5 More Doctor Who Monsters Which Shouldn't Have Worked (But Did)

1. Sutekh and the Mummies from Pyramids of Mars (1976)whowho4 Interesting, how the last set of monsters that shouldn't have worked clustered around a particular point in the Pertwee era (try saying that five times fast) and this one clusters around a similar point in the Baker era. It also so happens that I'm cheating on this one a bit - the concept of an Egyptian god of death actually being a member of a long-lived alien race works perfectly well on paper. But given the production history for this story, it's amazing that that's what ended up on paper at all.
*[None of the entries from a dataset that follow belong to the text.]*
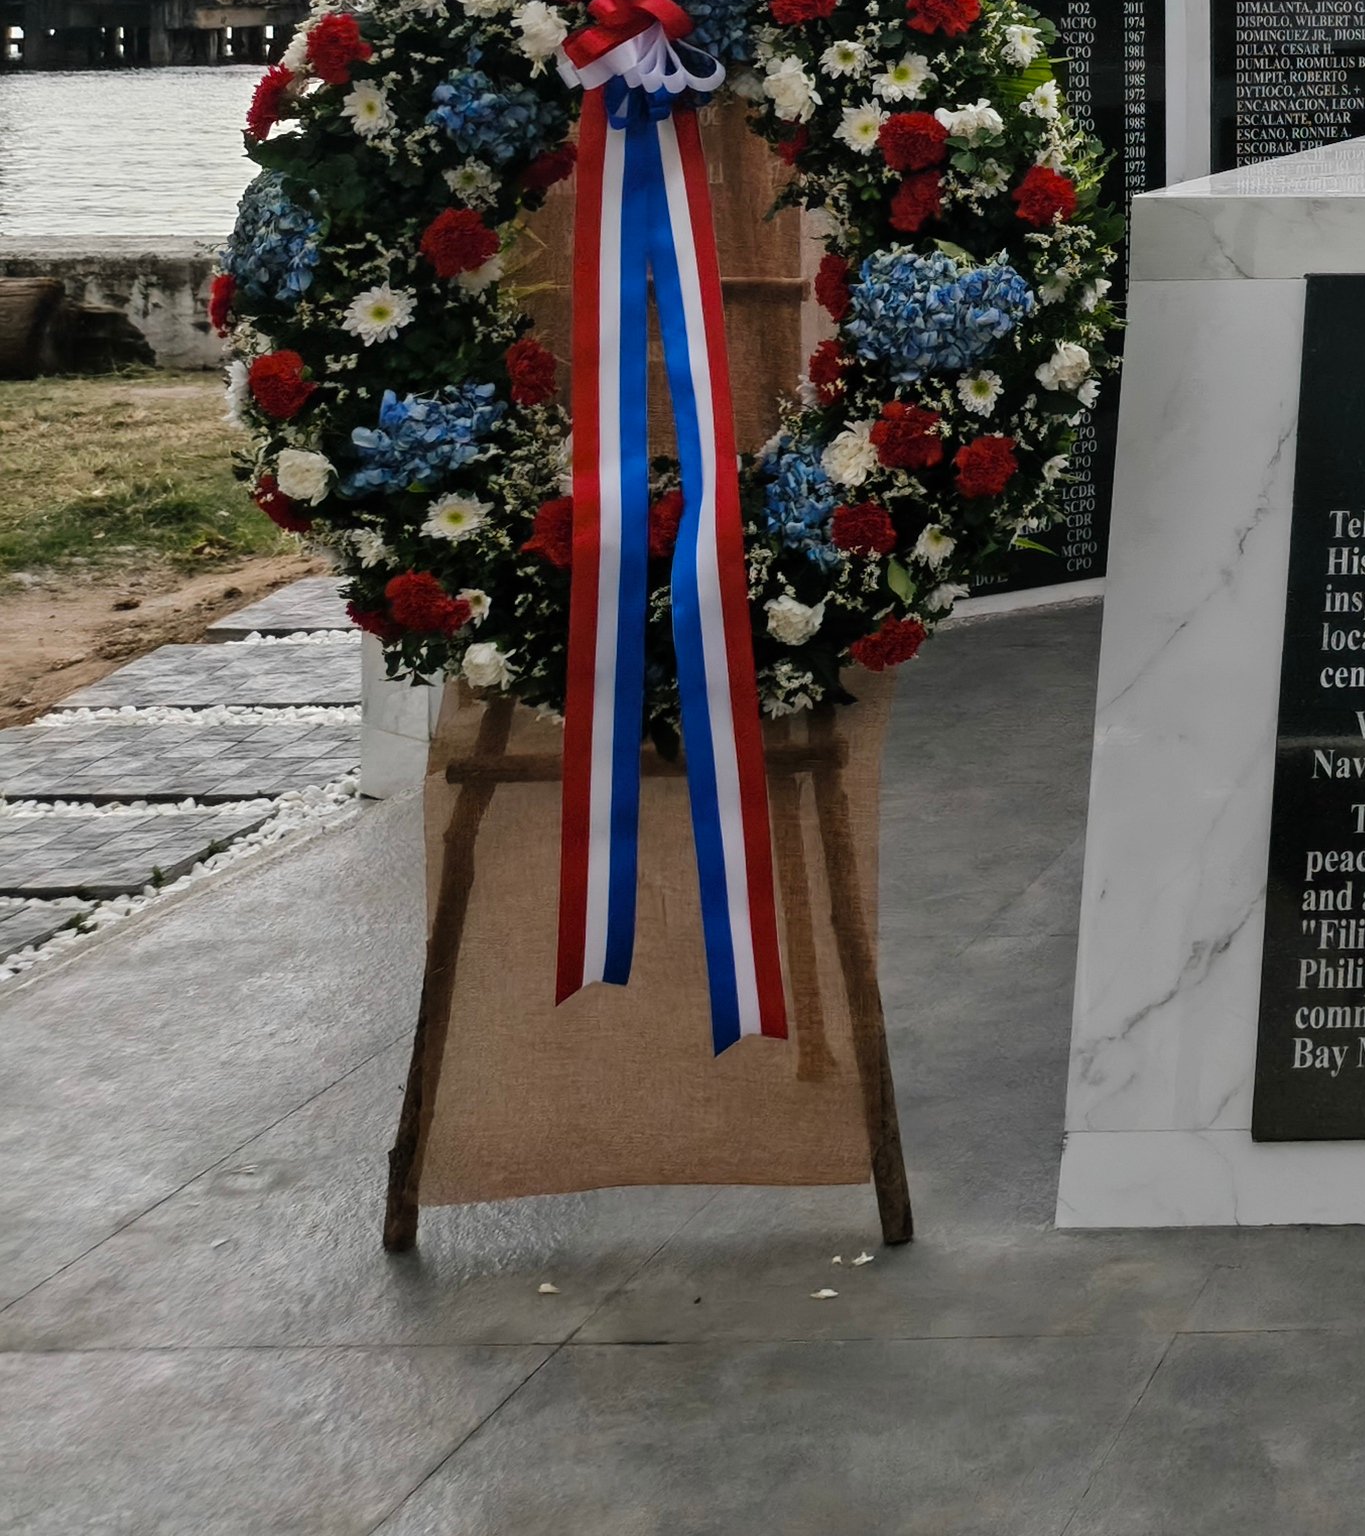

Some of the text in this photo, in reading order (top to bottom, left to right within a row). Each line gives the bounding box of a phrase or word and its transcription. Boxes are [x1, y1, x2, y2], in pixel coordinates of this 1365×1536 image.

[1236, 98, 1330, 112] ENCARNACION,
[1236, 111, 1351, 126] ESCALANTE, OMAR
[1292, 1038, 1349, 1077] Bay
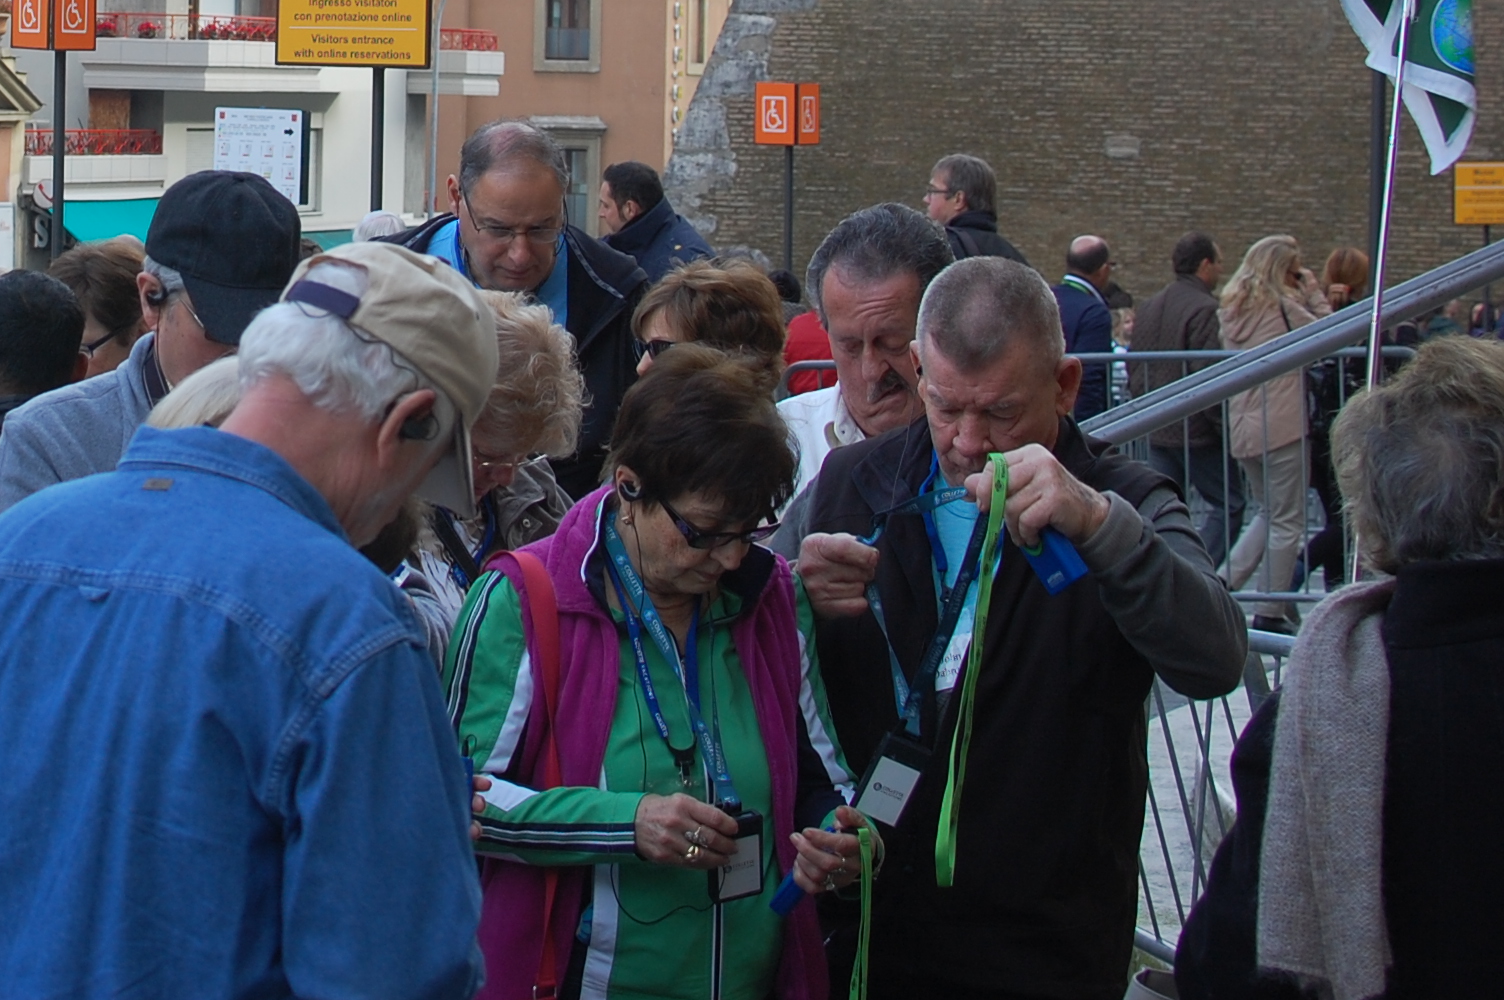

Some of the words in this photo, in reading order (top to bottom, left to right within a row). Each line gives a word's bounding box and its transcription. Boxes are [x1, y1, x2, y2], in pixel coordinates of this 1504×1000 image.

[294, 13, 312, 21] con
[314, 12, 379, 23] prenotazione
[381, 12, 412, 22] online
[311, 34, 349, 44] Visitors
[351, 35, 395, 45] entrance
[294, 48, 314, 58] with
[317, 48, 347, 59] online
[350, 49, 411, 60] reservations
[623, 564, 644, 596] COLLETTE
[652, 618, 670, 651] COLLETTE
Various sources (the extras on the DVD among them) tell us that Pyramids of Mars by Lewis Greifer started off life as a story set in the British Museum, and while it featured mummies, it also featured the Brigadier and UNIT. These were not the things that made it unworkable, however, so unworkable that script editor Robert Holmes basically rewrote the whole thing. (He did a similar save with The Ark in Space when Hartnell-era writer John Lucarotti proved unable and unwilling to write a script that worked for the show as it was being produced in 1974 - now, there's a pattern emerging.) Holmes took what would've been considered a mediocre story by anyone's standards and turned it into what is arguably one of the best stories of the entire series, with one of the best villains. On a deadline, yet. The man was brilliant. I'm also cheating by lumping Sutekh and his robotic mummies together, too, because taken all in all, they really shouldn't have worked. I mean, robotic mummies? Really? But for a costume that's basically simple (and yet so uncomfortable that Tom Baker refused to put it back on for the studio work on this story after having worn it on location), it works surprisingly well: mars.08 They're relentless; they never tire; and their one objective is to kill you in some painful way. Hell, they're scary even when they kill somebody in an outright silly way, as with this poor guy: "Aw, they want to show me how much they lov - ARGH!"And then we get Sutekh himself. His initial appearances in the story are perfectly fine, especially with that beautifully ornate mask in the image above, and Gabriel Woolf's voice acting is so effective that the new series production team asked him to come back and voice the Devil (or whatever the hell it was) in The Impossible Planet. But eventually he's unmasked, and we get this:

It looks even sillier when it's in motion - or rather, when it's not in motion, since it's just a giant head stuck on some poor actor's cranium. And yet the voice acting, the way Tom Baker and Elisabeth Sladen play it absolutely straight, and the tension that the entire story manages to build forces us to look on this rather silly-looking mask, then fight the urge to run and hide somewhere. Now that's good television. If you can think of any monsters I've left off these two lists that you feel work particularly effectively even though they have no earthly business doing so, leave your comments below!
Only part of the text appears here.